Aim of the task:
Below are records to be transcribed exactly; any pictures should be left out.

== Data for this exercise

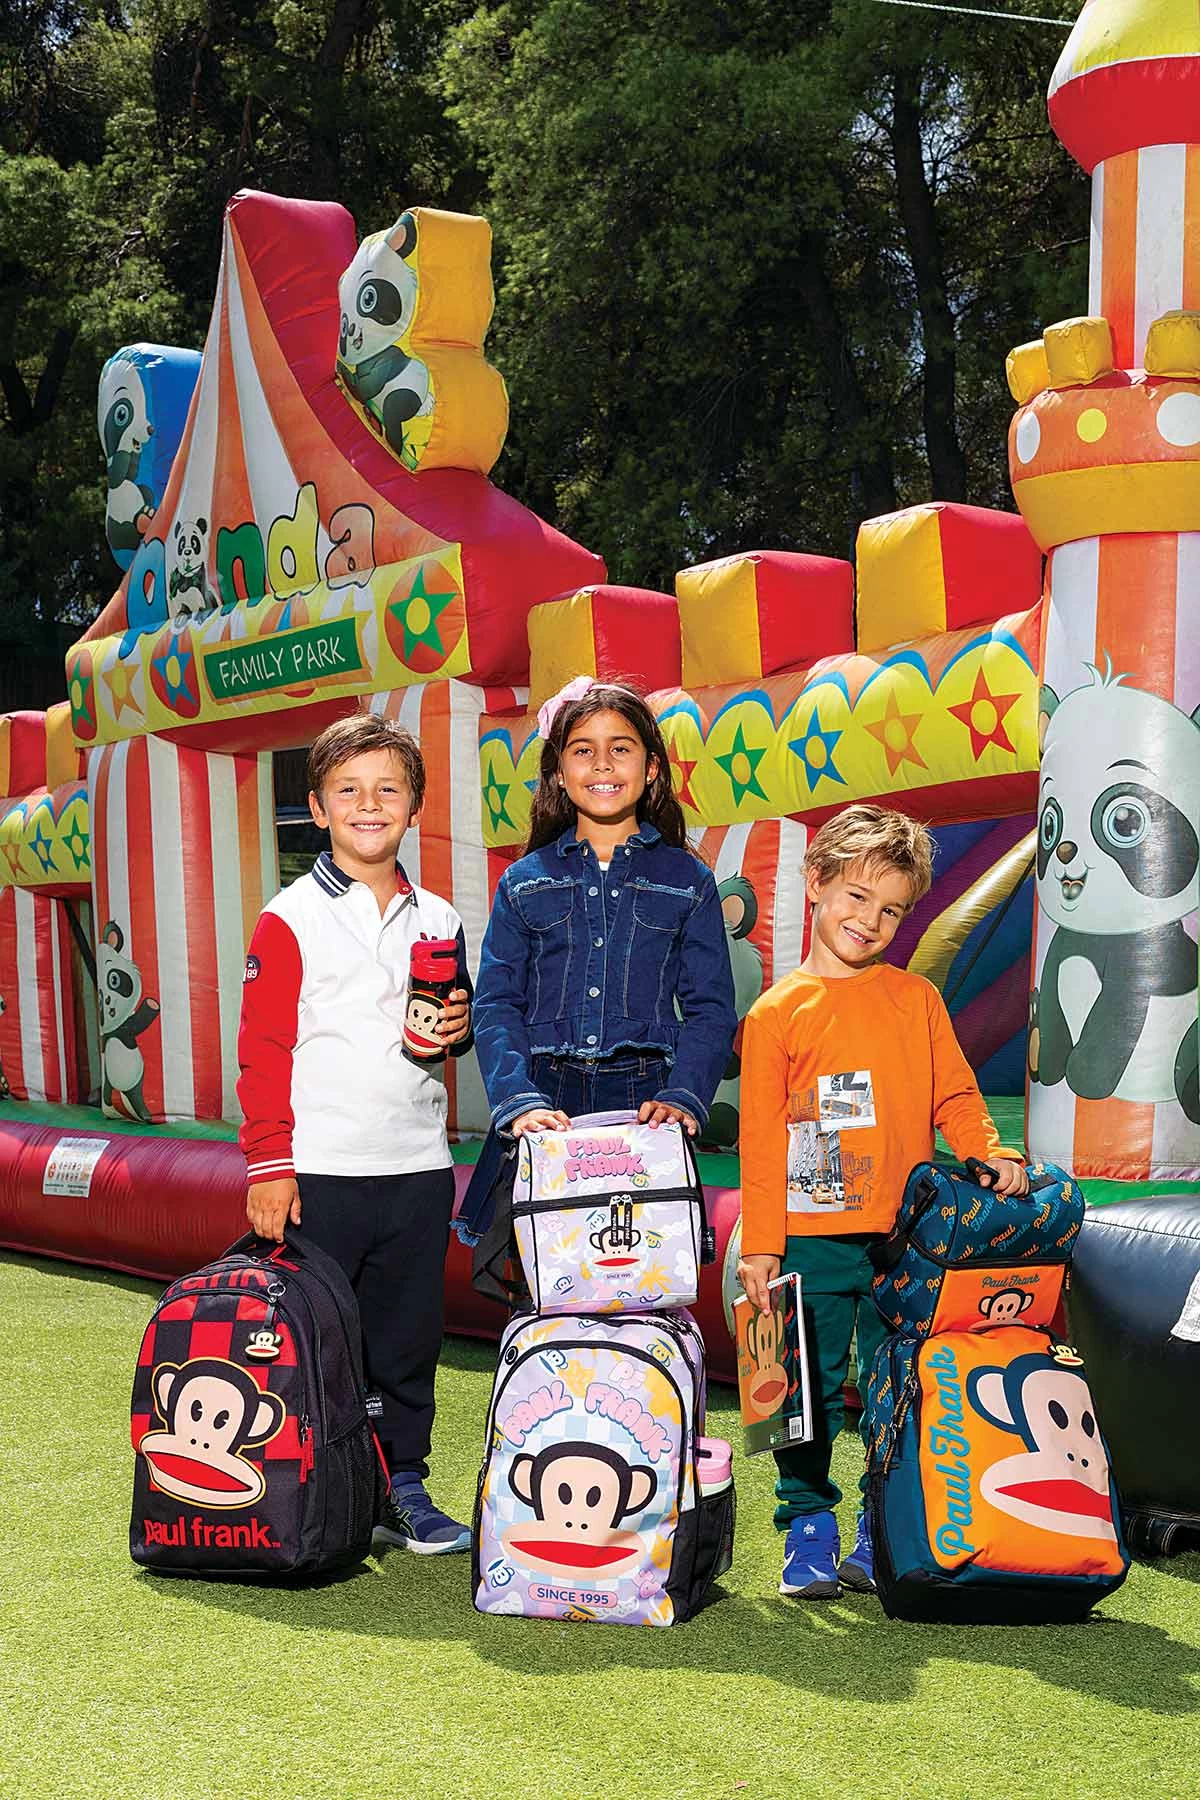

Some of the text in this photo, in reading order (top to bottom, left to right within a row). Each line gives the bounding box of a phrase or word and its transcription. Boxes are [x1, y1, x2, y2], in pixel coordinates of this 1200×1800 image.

[118, 480, 377, 660] pnda
[217, 635, 347, 690] FAMILY PARK
[566, 1136, 632, 1158] PAUL
[564, 1153, 646, 1182] FRANK
[960, 1196, 983, 1228] Paul
[969, 1194, 996, 1233] Frank
[1032, 1202, 1052, 1230] Paul
[989, 1223, 1017, 1248] Paul
[996, 1222, 1031, 1253] Frank
[1055, 1221, 1080, 1248] Paul
[981, 1273, 1041, 1289] Paul Frank
[502, 1379, 673, 1464] PAUL FRANK
[926, 1345, 976, 1557] Paul Frank
[143, 1515, 187, 1548] paul
[536, 1587, 610, 1605] SINCE 1995

====

Exercise output:
Some of the text in this photo, in reading order (top to bottom, left to right within a row). Each line gives the bounding box of a phrase or word and its transcription. Boxes are [x1, y1, x2, y2], in pixel coordinates of this 1200×1800 image.

[118, 480, 377, 660] pnda
[217, 635, 347, 690] FAMILY PARK
[566, 1136, 632, 1158] PAUL
[564, 1153, 646, 1182] FRANK
[960, 1196, 983, 1228] Paul
[969, 1194, 996, 1233] Frank
[1032, 1202, 1052, 1230] Paul
[989, 1223, 1017, 1248] Paul
[996, 1222, 1031, 1253] Frank
[1055, 1221, 1080, 1248] Paul
[981, 1273, 1041, 1289] Paul Frank
[502, 1379, 673, 1464] PAUL FRANK
[926, 1345, 976, 1557] Paul Frank
[143, 1515, 187, 1548] paul
[536, 1587, 610, 1605] SINCE 1995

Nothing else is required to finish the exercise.